Similarly, quantifying the vagaries of “shared air space” is difficult. An ambulance, exam rooms, and small enclosed waiting areas can pose a risk, but it is considerably harder to determine the likelihood of exposure in large open waiting areas with shared air handing systems across different patient rooms, she said. If such a situation arises with measles, it may be best to consult with air handling and engineering at your facility, Babcock adds.

In another item from the upcoming HICPAC draft guidelines, post-exposure prophylaxis (PEP) and work restrictions are not necessary for healthcare personnel with presumptive evidence of immunity to measles who have experienced an exposure. However, implement daily monitoring for signs and symptoms of measles infection for 21 days after their last exposure, she said.

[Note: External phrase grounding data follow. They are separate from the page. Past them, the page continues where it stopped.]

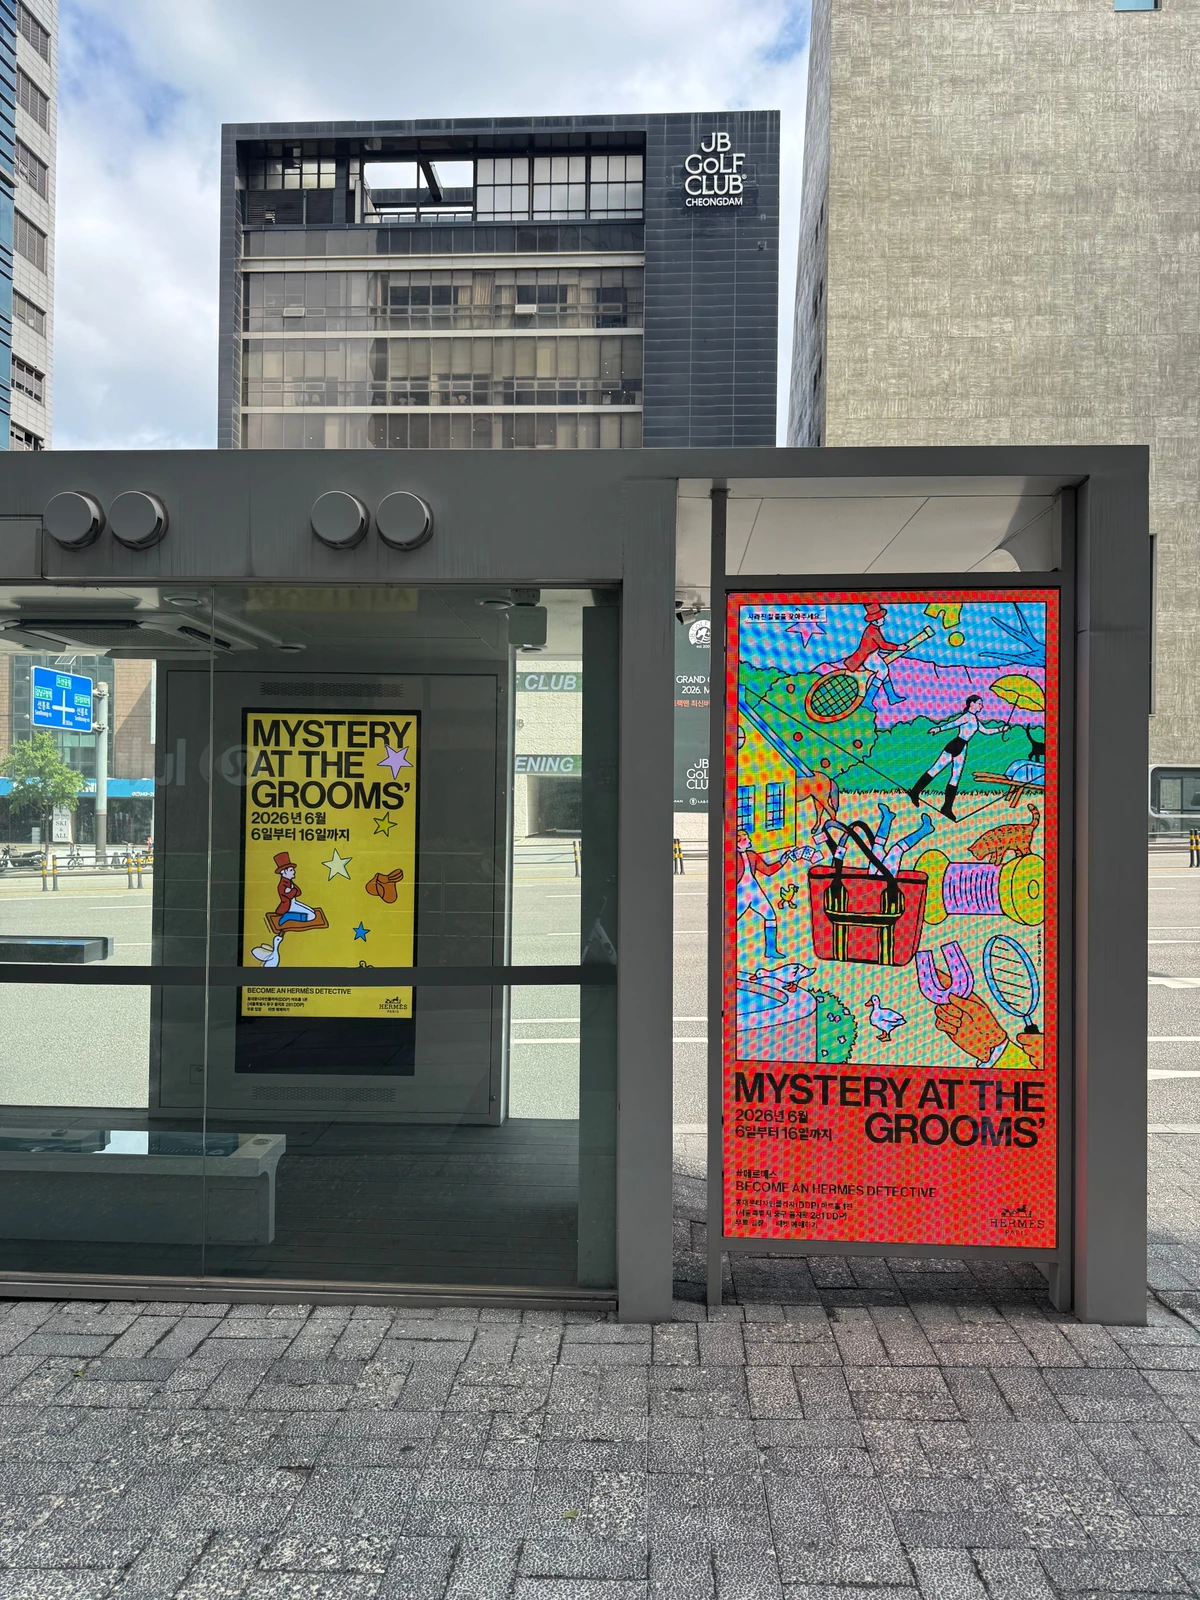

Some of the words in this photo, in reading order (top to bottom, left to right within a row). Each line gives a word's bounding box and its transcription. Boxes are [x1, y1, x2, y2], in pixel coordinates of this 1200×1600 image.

[701, 132, 731, 152] JB
[686, 197, 742, 206] CHEONGDAM
[525, 675, 577, 690] CLUB
[676, 675, 706, 684] GRAND
[681, 686, 702, 694] 2026.
[252, 719, 412, 748] MYSTERY
[251, 750, 293, 778] AT
[298, 751, 365, 779] THE
[694, 758, 709, 768] JB
[251, 811, 302, 825] 2026년
[304, 812, 326, 825] 6월
[251, 828, 296, 841] 6일부터
[298, 828, 350, 842] 16일까지
[247, 987, 275, 995] BECOME
[276, 987, 286, 995] AN
[735, 1071, 912, 1108] MYSTERY
[918, 1079, 963, 1110] AT
[970, 1080, 1045, 1112] THE
[735, 1109, 785, 1123] 2026년
[788, 1110, 808, 1124] 6월
[735, 1125, 780, 1140] 6일부터
[782, 1126, 832, 1141] 16일까지
[736, 1180, 790, 1193] BECOME
[792, 1183, 809, 1194] AN
[866, 1185, 937, 1198] DETECTIVE

“Symptom monitoring is still recommended as we do know that there are cases in people with evidence of immunity after an exposure,” she said. “In some places, depending on your comfort level with risk, there may be different decisions made on how to manage this.”

For healthcare personnel without presumptive evidence of immunity who have experienced an exposure, the HICPAC draft recommends:

• Administer PEP according to recommendations by the CDC and the Advisory Committee on Immunization Practices;

• Exclude from work for the fifth day after the first exposure through the 21st day after their last exposure, regardless of receipt of PEP.

Healthcare workers who have only received the first dose of MMR vaccine prior to exposure may remain at work, but they should receive the second dose by at least 28 days after the first dose. Implement daily monitoring for signs and symptoms of measles infection for 21 days after the last exposure.

For healthcare personnel with known or suspected measles, exclude from work for four days after the rash appears. For immunosuppressed healthcare personnel who acquire measles, consider extending exclusion from work for the duration of their illness.